Democracy Gone Astray

Democracy, being a human construct, needs to be thought of as directionality rather than an object. As such, to understand it requires not so much a description of existing structures and/or other related phenomena but a declaration of intentionality.
This blog aims at creating labeled lists of published infringements of such intentionality, of points in time where democracy strays from its intended directionality. In addition to outright infringements, this blog also collects important contemporary information and/or discussions that impact our socio-political landscape.

All the posts here were published in the electronic media – main-stream as well as fringe, and maintain links to the original texts.

[NOTE: Due to changes I haven't caught on time in the blogging software, all of the 'Original Article' links were nullified between September 11, 2012 and December 11, 2012. My apologies.]

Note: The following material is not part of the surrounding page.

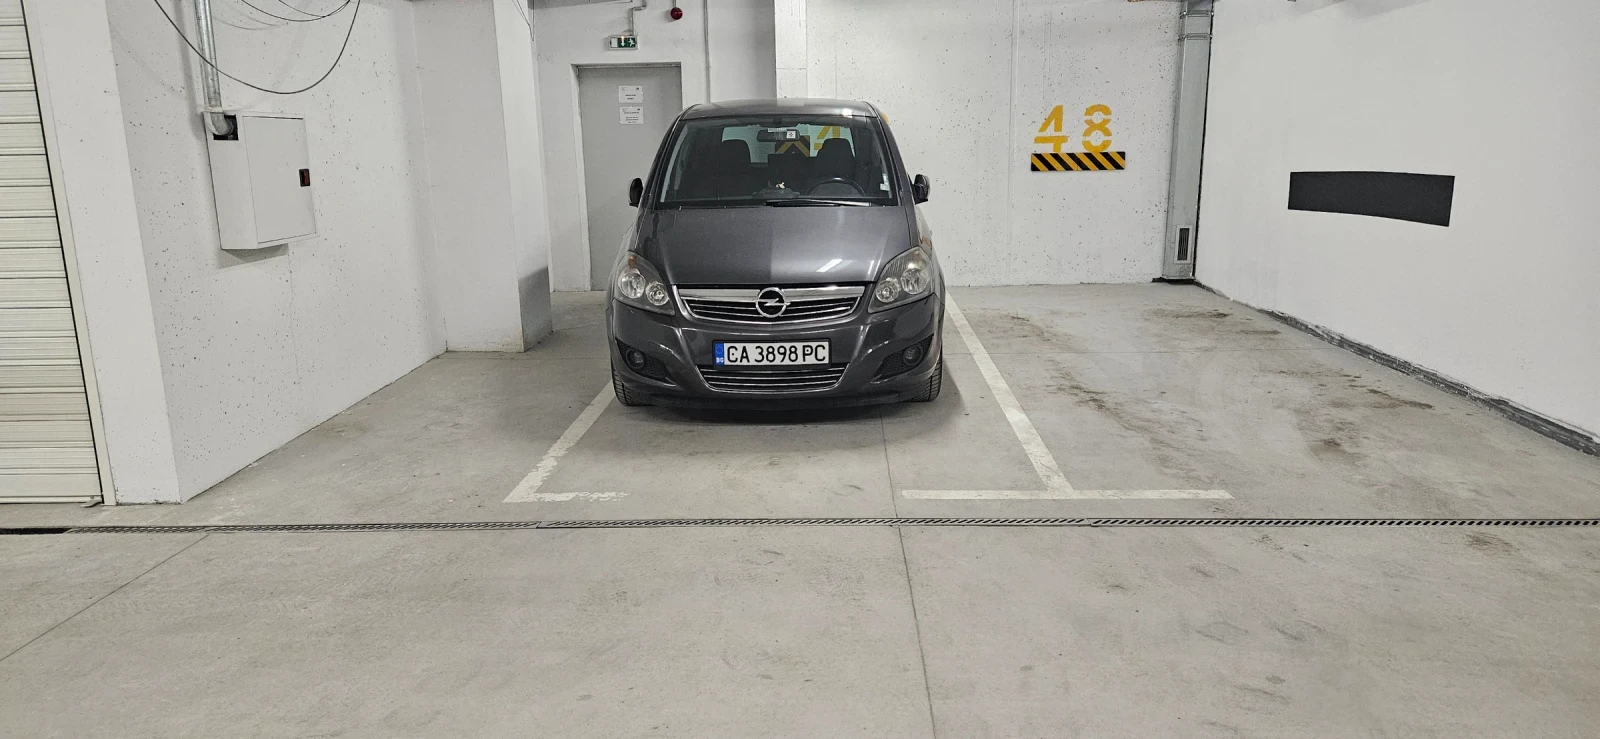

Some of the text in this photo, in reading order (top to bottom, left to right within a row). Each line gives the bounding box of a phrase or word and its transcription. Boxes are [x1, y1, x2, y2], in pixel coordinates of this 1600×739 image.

[1034, 104, 1112, 152] 48
[727, 344, 826, 363] CA 3898 PC

Saturday, December 03, 2011

Huge Cost of Tax Evasion Revealed as Campaign to Tackle Tax Havens Launches

New research published by the Tax Justice Network shows that tax evasion costs governments around the world more than US$3.1 trillion annually.

In Canada an estimated $81 billion a year is lost to tax evasion in the ‘shadow economy’ - that is half of our total healthcare spending. Canada ranks 11th out of the 145 countries surveyed in total amount of tax evaded.

Tax havens are a major part of the tax evasion problem – and these new findings come as the Tax Justice Network launches Tackle Tax Havens, a new campaign that highlights the critical role that these secretive states play in corrupting the global economy.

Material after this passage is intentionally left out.